When Kemi Badenoch pledged to scrap Stamp Duty on primary residences, it was one of those rare political moments that cut through the noise.

Not because it’s flashy or populist, but because it spoke to something many have quietly known for years: Stamp duty is a bad tax. In fact, it is the worst tax on our books. It is economically distorting, socially regressive, and long past its sell by date.

Milton Friedman once said that “nothing is so permanent as a temporary government program”.

Stamp Duty Land Tax (SDLT) is the textbook example of this. First introduced in 1694 to fund a war against France, it was meant to be temporary. The war ended. The tax didn’t, even if our relationship with our friends over the channel can still be a bit grumpy. Three centuries later, it’s still quietly sabotaging the housing market and punishing ordinary people for doing something any sane government should encourage: moving house.

Despite the name, “Stamp Duty Land Tax” is, let’s be honest, a tax on moving.

It punishes aspiration. It fines families for finding a home that suits them better. And it treats shelter like it’s some sort of luxury. For years, we’ve told younger generations to work hard, save, and get on the property ladder. Then, the moment they try, the Treasury slaps them with a bill for thousands of pounds. The average buyer now pays nearly £10,000 in Stamp Duty just to move. Ten thousand pounds, for the privilege of doing what you’ve been told since you were a child?

The result is a housing market that has become rigid and inefficient.

Older couples delay downsizing because they cannot justify the cost, while younger families cannot move up. Fewer homes come to market, so prices remain high and supply remains tight. Britain’s housing market has become a game of musical chairs with the music turned off.

Britain used to be a nation that prided itself on widespread home ownership and social mobility, now the state of the housing market has become a quiet scandal. Home ownership has fallen from over 70 per cent in the early 2000s to around 64 per cent today – the lowest level in decades. Conservatives used to believe in a property-owning democracy, the idea that if you worked hard and played by the rules, you could own a piece of your country. Schemes like Right to Buy reflected that national aspiration: to give people a stake in the country they helped build. That’s not a nostalgic Thatcherite dream; it’s a social contract.

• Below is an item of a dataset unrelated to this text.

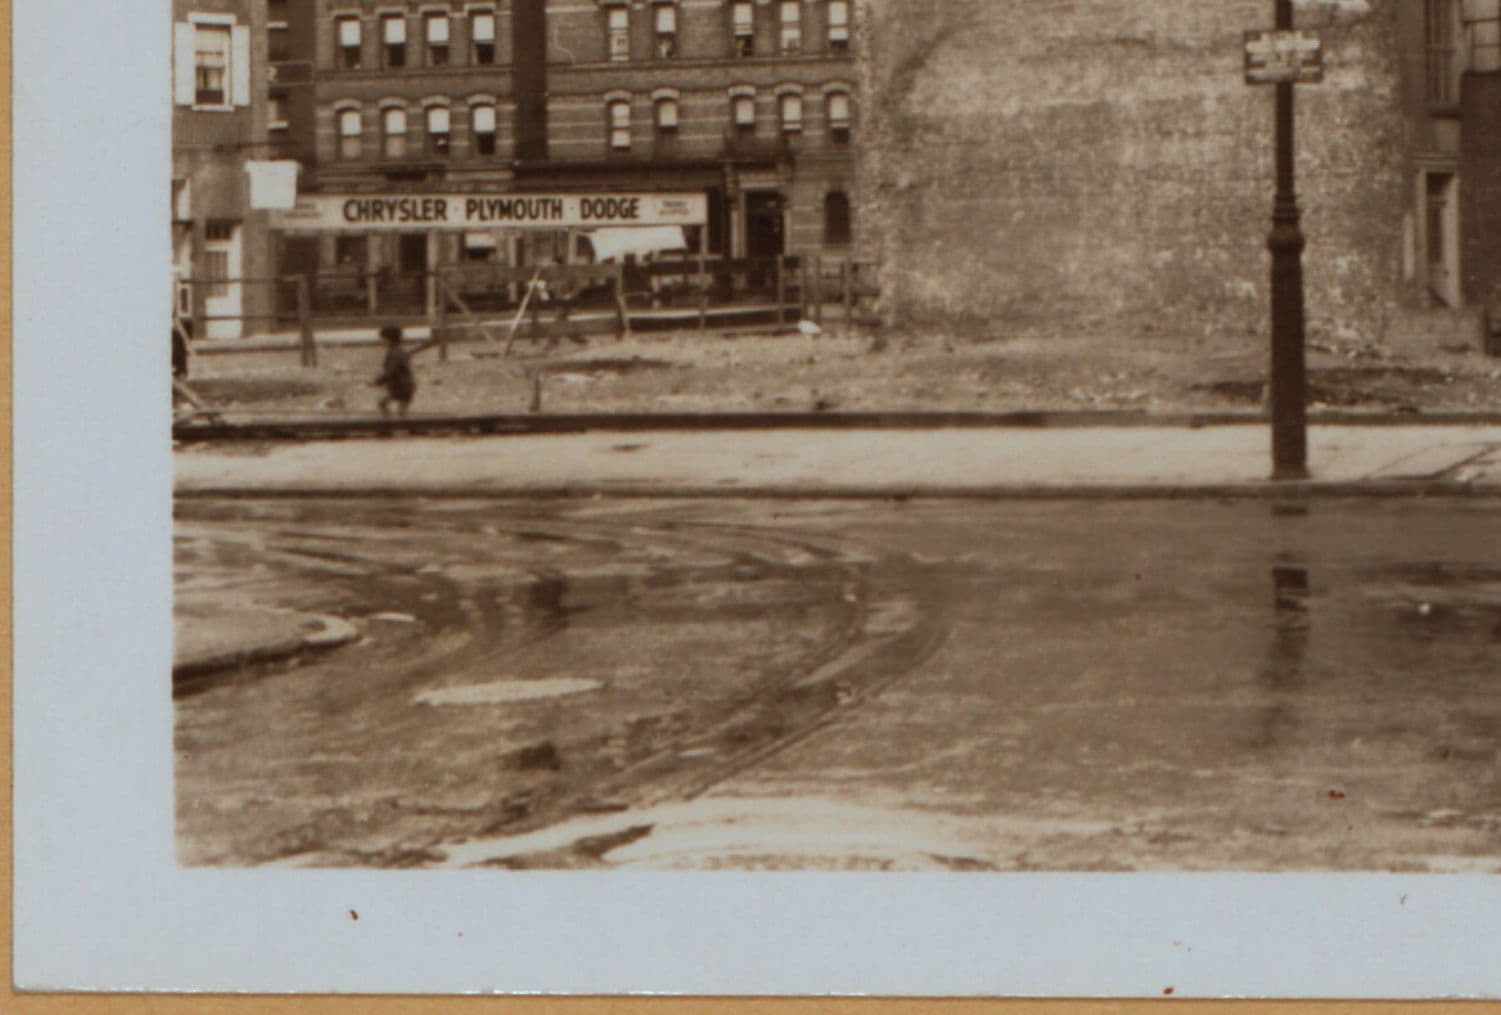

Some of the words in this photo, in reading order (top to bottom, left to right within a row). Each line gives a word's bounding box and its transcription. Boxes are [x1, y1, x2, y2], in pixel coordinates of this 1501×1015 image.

[342, 198, 448, 223] CHRYSLER
[465, 197, 564, 221] PLYMOUTH
[579, 197, 640, 220] DODGE

And Stamp Duty has been smashing it up.

That’s why Badenoch’s decision matters. It’s more than just a tax tweak, it’s a statement of principle that will tackle the root of issues that have persisted in our housing market. According to the Adam Smith Institute’s new research, getting rid of Stamp Duty on primary residences could unlock an extra 349,000 house sales a year and lead to the creation of 38,000 new homes, around ten per cent of the government’s annual housebuilding target. The same analysis suggests it could generate nearly £13 billion in additional construction spending each year, supporting jobs, growth, and mobility.

This is fundamentally how you stimulate growth, by removing obstacles and letting people get on with their lives. For too long, we’ve allowed the Treasury to shape housing policy around what’s easiest to tax, not what’s fairest or most efficient. That’s one of the reasons we’ve ended up with young people locked out of ownership and older people locked into houses they no longer want. Abolishing stamp duty flips that logic.

Predictably, there’ll be the usual nervous muttering from Treasury mandarins about lost revenue. There always is. But the total cost isn’t as detrimental as one may believe, as our modelling shows that the cost of this abolition would be £5bn, which is a modest cost compared to the broader economic and societal gains at stake. A more mobile housing market would stimulate activity, create jobs and expand the tax  base everywhere. And as transaction volumes rise, so too would revenue from other sources like VAT and income tax.

The moral and economic case for scrapping Stamp Duty couldn’t be clearer. It’s a bad tax that punishes good behaviour. It chokes off mobility, productivity, and restricts opportunity. Abolishing it would not just make buying a home fairer, it would make Britain’s economy more dynamic and its society more mobile and open to opportunities.

Naturally SDLT is not the only obstacle to fixing Britain’s housing market.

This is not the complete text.